Sherwood is an unincorporated community in Franklin County, Tennessee, United States. It is located along Tennessee State Route 56 13.1 mi southeast of Winchester, and just north of the Alabama state line. Sherwood has a post office with ZIP code 37376.

==Demographics==

Historical population
| Census | Pop. | Note | %± |
| 2020 | 122 |  | — |
U.S. Decennial Census

==Geography and location==

The Crow Creek Valley, in which Sherwood is situated, is a relatively narrow valley surrounded on three sides (north, east, and west) by the Cumberland Plateau (including Lost Cove), with the southern end of the valley opening toward Alabama. Crow Creek, which flows from Lost Cove Cave, drains the valley and flows through the western part of Sherwood, emptying into the Tennessee River at Guntersville Lake near Stevenson, Alabama, several miles to the south. Sherwood lies at an elevation of 669 ft.

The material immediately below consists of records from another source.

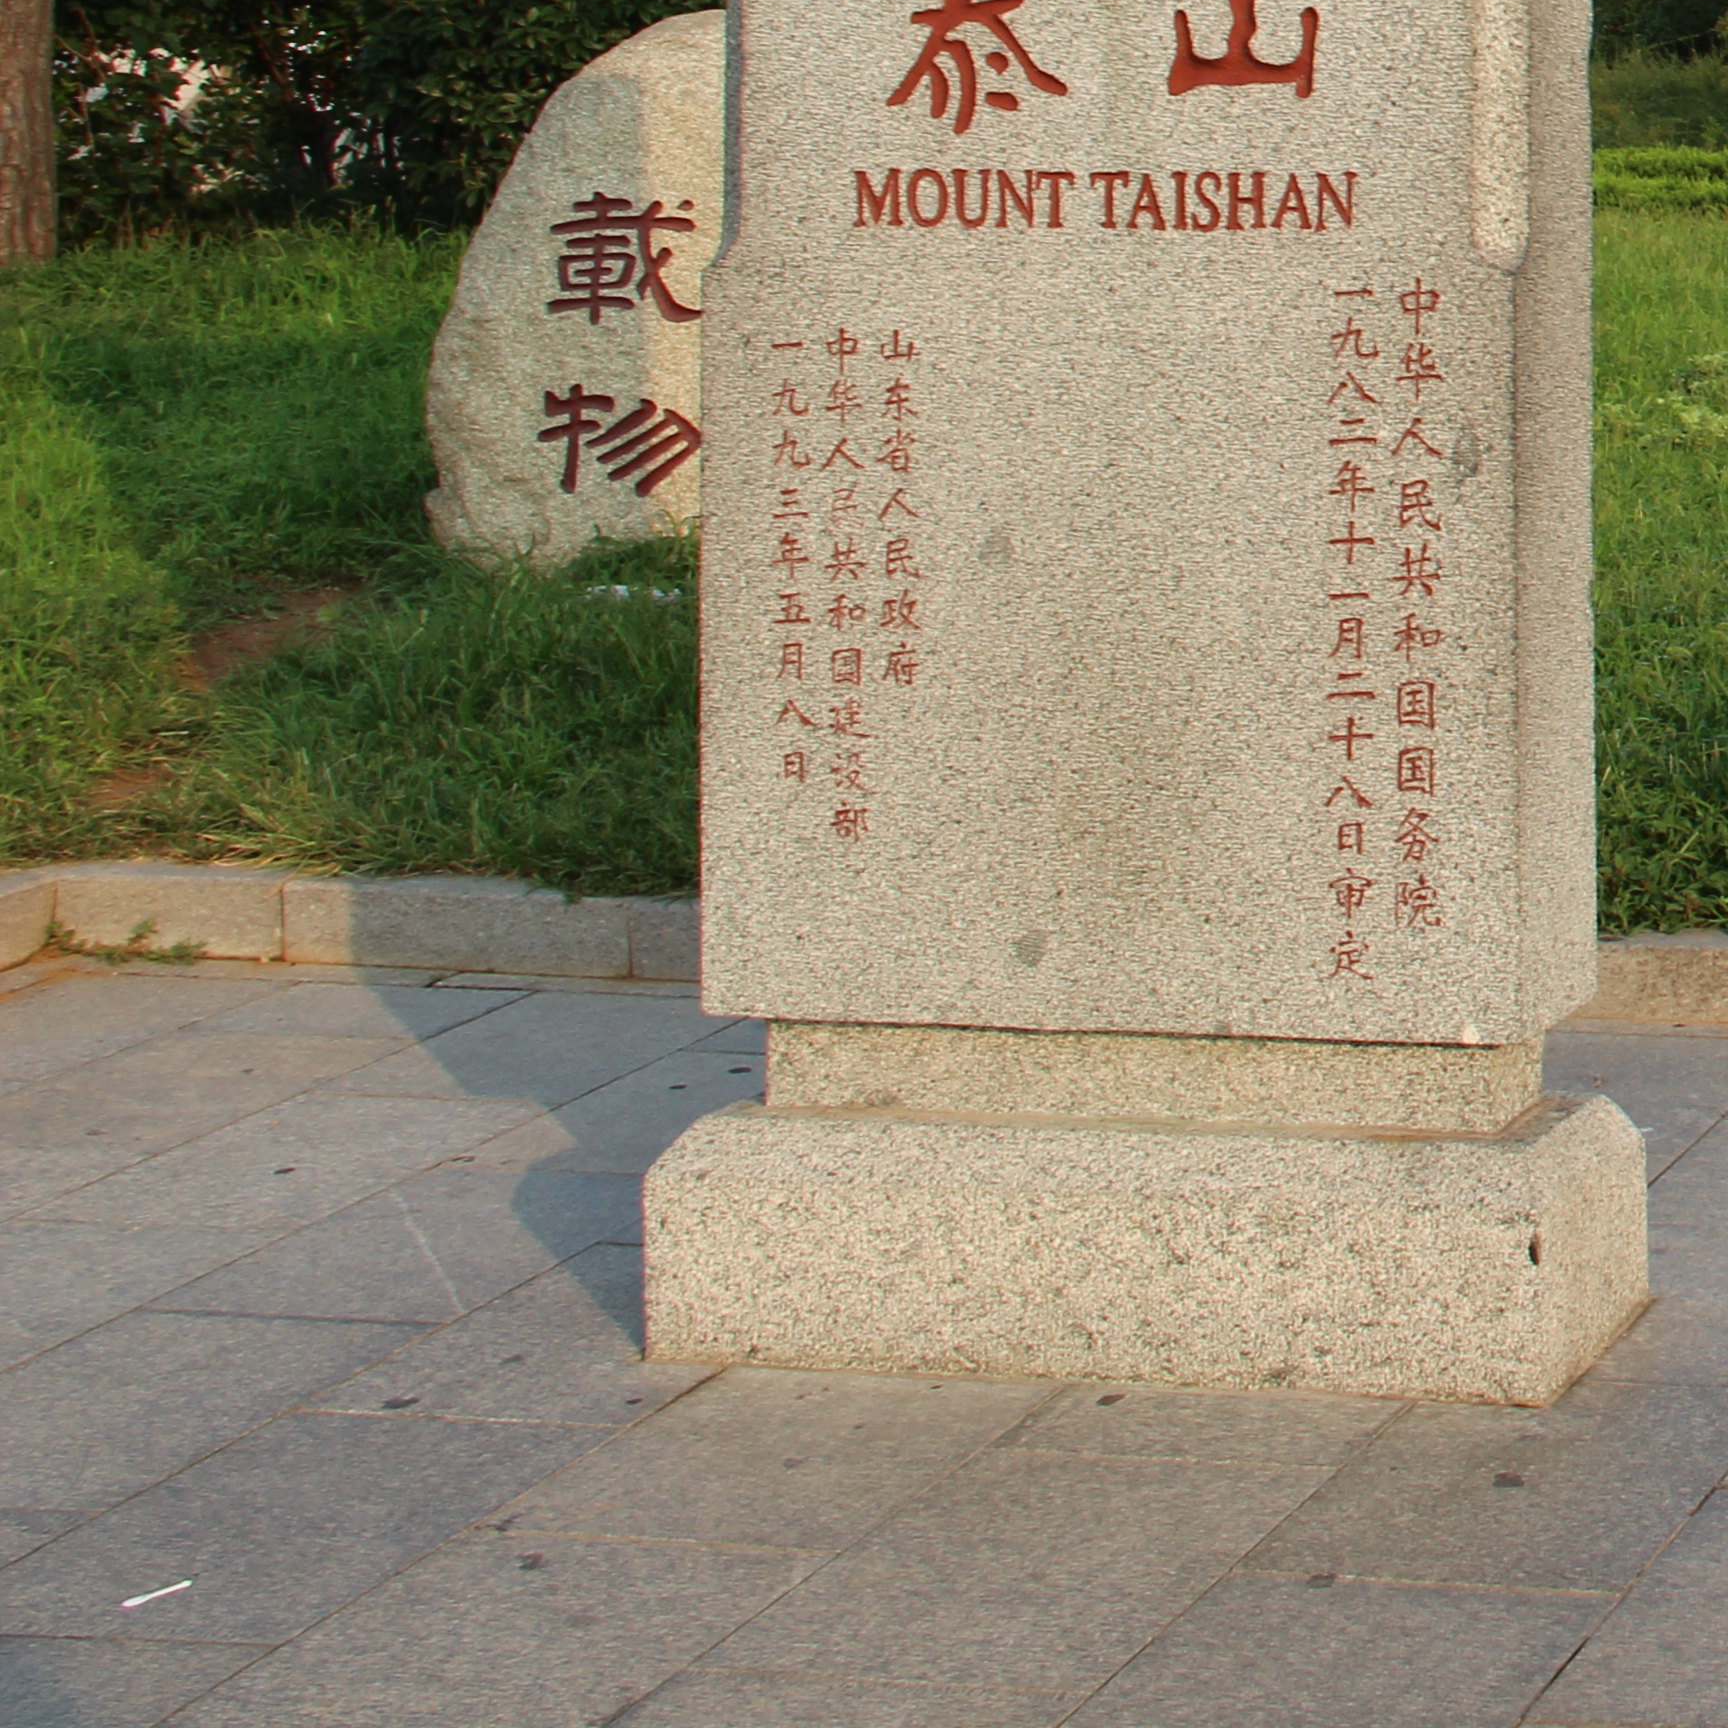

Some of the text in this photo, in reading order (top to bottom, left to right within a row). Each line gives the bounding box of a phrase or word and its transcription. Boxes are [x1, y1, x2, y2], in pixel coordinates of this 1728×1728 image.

[852, 168, 1361, 233] MOUNT TAISHAN
[771, 340, 817, 785] 一九九三年五月八日
[821, 326, 877, 844] 中华人民共和国建设部
[877, 329, 923, 686] 山东省人民政府
[1325, 286, 1380, 980] 一九八二年十一月二十八日审定
[1391, 276, 1445, 928] 中华人民共和国国务院

State Route 56, the only major highway that passes through Sherwood, traverses the valley from north-to-south. To the north, the road ascends more than 1000 ft to Sewanee atop the Cumberland Plateau. To the south, the road continues into Alabama as State Route 117, eventually reaching Stevenson. Railroad tracks run alongside the highway for much of its stretch in the valley.

==History==
Human habitation in the Sherwood area is very ancient as evidenced by the many thousands of Native American projectile points in the nearby fields. The town location is at the intersection of many old Native American routes which the modern trails and roads often follow. It is located on an old Stagecoach route approximately midway between Sewanee and Anderson, Alabama and is representative of the hamlets and villages that were once commonplace in the area coves and valleys.

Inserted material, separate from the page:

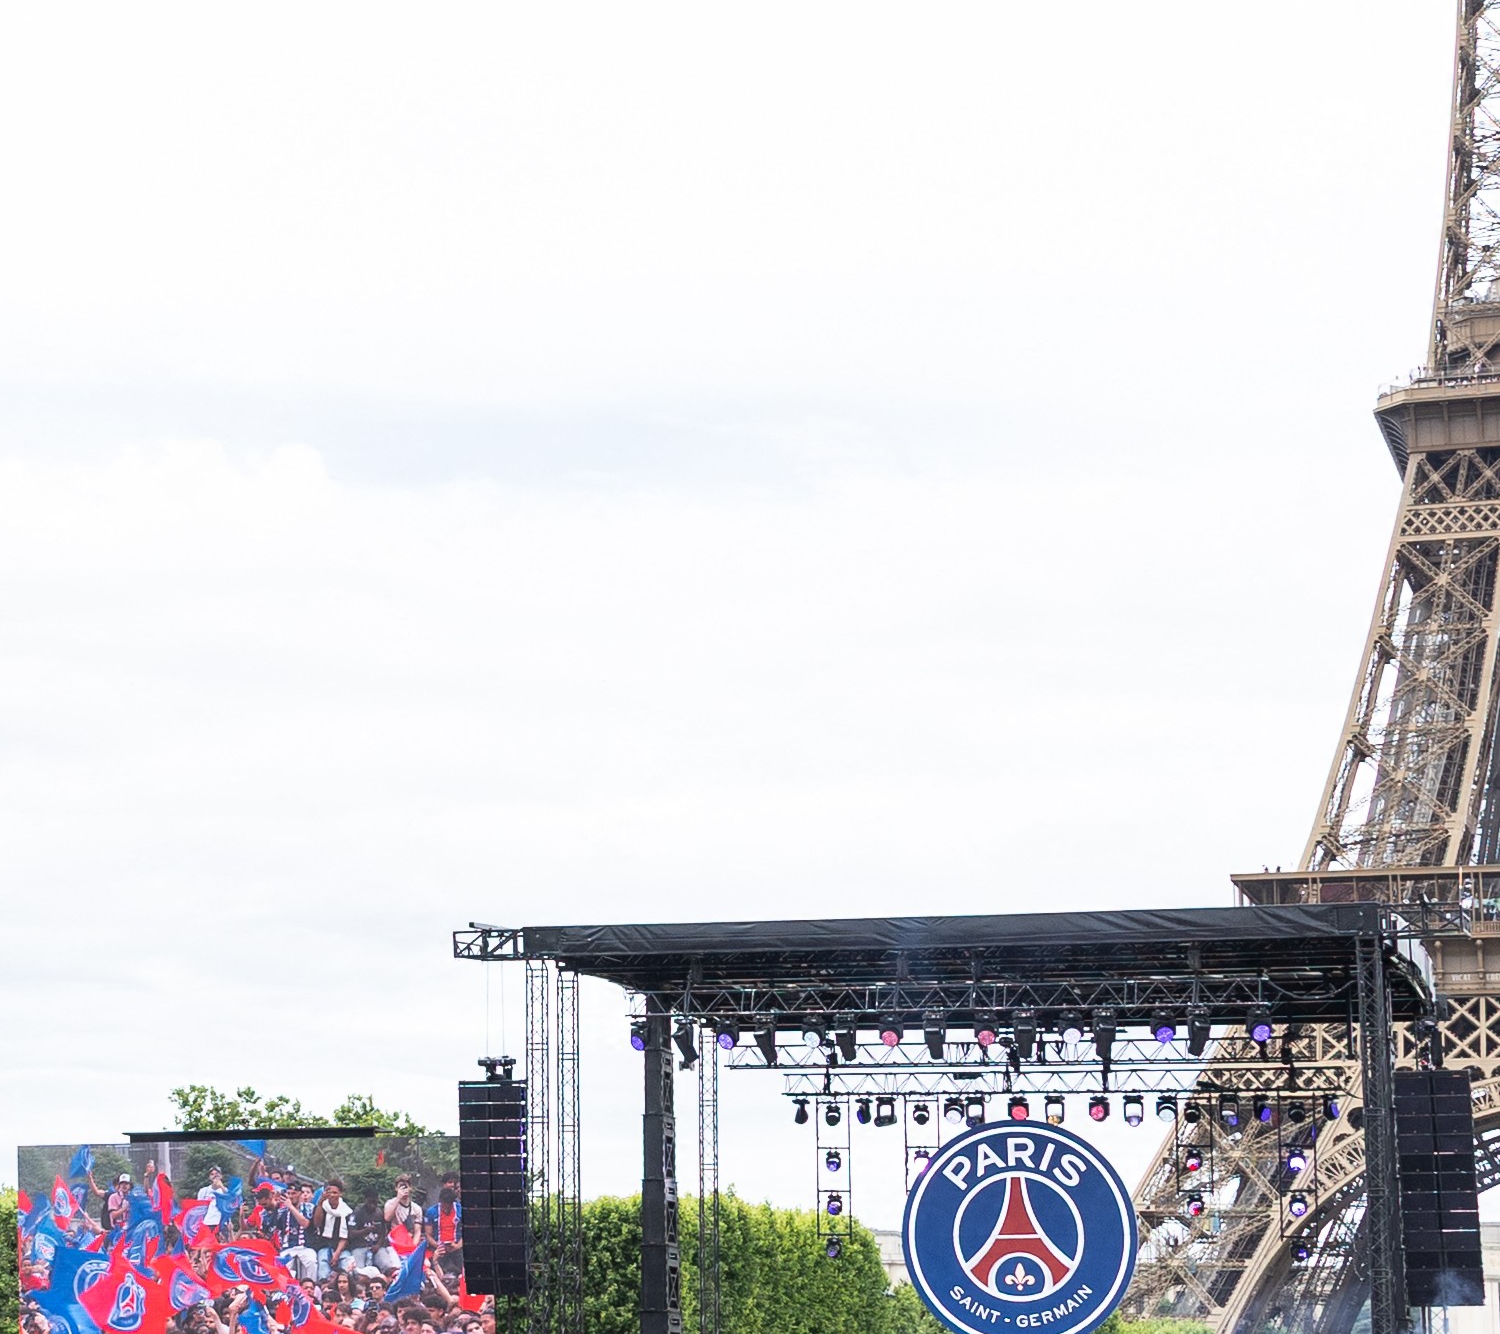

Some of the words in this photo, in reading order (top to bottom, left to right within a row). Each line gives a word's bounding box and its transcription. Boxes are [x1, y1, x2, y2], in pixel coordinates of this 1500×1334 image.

A small community called Kitchen's Station or Catchings Station had existed as a Stagecoach stop earlier at the location. Named for station master Meridith Catchings, the small community began appearing on railroad maps after the Civil War. The town of Sherwood was named for Charles D. Sherwood, lieutenant governor of Minnesota during the Civil War. The Tennessee State Legislature approved his charter for the Tennessee Immigration and Land Company on April 15, 1878. That same day, Sherwood purchased the 1,410 acres of land for his northern colony from John F. Anderson. On June 19, 1878, a local paper announced that the name of Kitchen's [Catching's] Station would be changed to Sherwood. A number of sources have erroneously reported that Charles Sherwood was lieutenant governor of Wisconsin and that the town was established in 1875. This information probably came from the Goodspeed History Tennessee: Giles, Franklin, Lincoln, and Moore Counties. In 1989 the Sherwood Elementary School was closed and approximately 25-28 children from Sherwood, a teacher, and several aides became part of the Sewanee Public School community.

===The Railroad===

With the construction of the strategically important Cowan Tunnel 5 mi to the north in 1852, train stops were created through the Crow Creek Valley, including at Catchings Station (Sherwood). Notably, at this station there were and continue to be pusher engines which are required to assist with train ascents up the steep mountain grade to the tunnel. Correspondingly, on the other side of the tunnel in Cowan, Tennessee, there are also pusher engines.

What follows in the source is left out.